Можно вспомнить и т. н. дидактические карты Проппа, использовавшиеся на семинаре Джанни Родари и описанные в его книге «Грамматика фантазии». Напомню, что в Италии Пропп известен лучше, чем в других странах, «Исторические корни» там были переведены раньше «Морфологии». Среди прочего Родари писал: «Сравнить приведенный перечень [функций] с сюжетом любого приключенческого фильма; удивительно, как много обнаружится совпадений и как будет почти в точности соблюден тот же порядок Той же канвы придерживаются и многие приключенческие книги». «Нас его функции интересуют потому, что на их основе мы можем строить бесконечное множество рассказов, подобно тому как можно сочинять сколько угодно мелодий, располагая всего-навсего двенадцатью нотами». Тут любопытно, что подход как бы тот же самый, что и у специалистов по информатике, но цели разные, поскольку последние отнюдь не стремились к развитию фантазии.
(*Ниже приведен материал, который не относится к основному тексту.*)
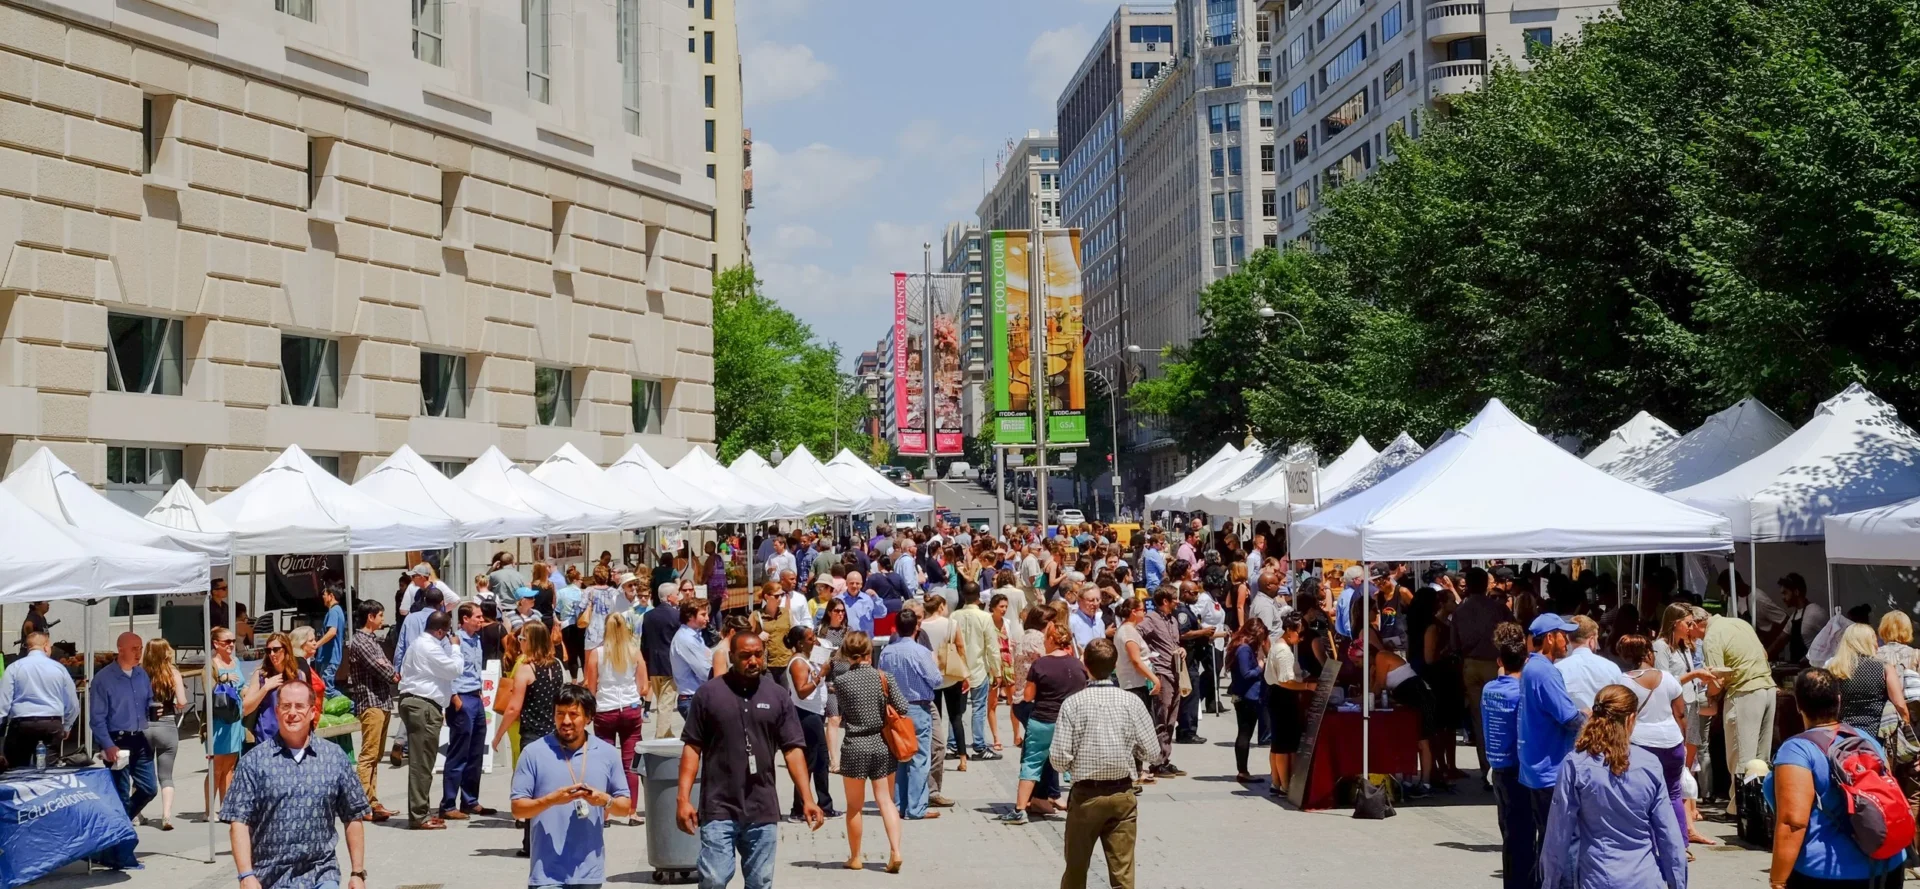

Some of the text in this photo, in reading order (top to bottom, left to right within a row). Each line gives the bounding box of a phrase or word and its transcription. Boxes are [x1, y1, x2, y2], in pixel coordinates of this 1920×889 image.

[994, 238, 1006, 314] FOOD COURT
[896, 280, 906, 378] MEETINGS & EVENTS
[1059, 421, 1075, 429] GSA
Из воспоминаний Изалия Земцовского, фольклориста-музыковеда, который был близок с Проппом, а ныне живет в Америке, я узнал, что американская писательница и сценаристка голливудских фильмов Виктория Нельсон говорила следующее: «У нас в Голливуде есть популярная и безотказно спасительная формула — „Do it with Propp!“. Когда нужно в одной фразе изложить суть будущего фильма, особенно в случае хитрого комбинирования, например, двух сюжетов, опытные мастера-сценаристы советуют: „Follow Propp!“. Выведенные им законы построения сказки работают и в кинематографии. Его книга „Морфология сказки“ — второе американское издание 1968 г. — перепечатывалась в США уже не менее 20 раз. Все сценаристы ее имеют. Это их рабочая Библия. » Даже если это преувеличение, комментарий все равно весьма любопытный. Или, скажем, итальянский композитор-экспериментатор Лучано Берио: он выступал с лекцией на тему «Владимир Пропп и анализ оперы», а также сочинил оперу на собственное либретто, задуманное и сделанное исключительно по Проппу, в духе его «Морфологии».

«Прежде всего вредитель принимает чужой облик»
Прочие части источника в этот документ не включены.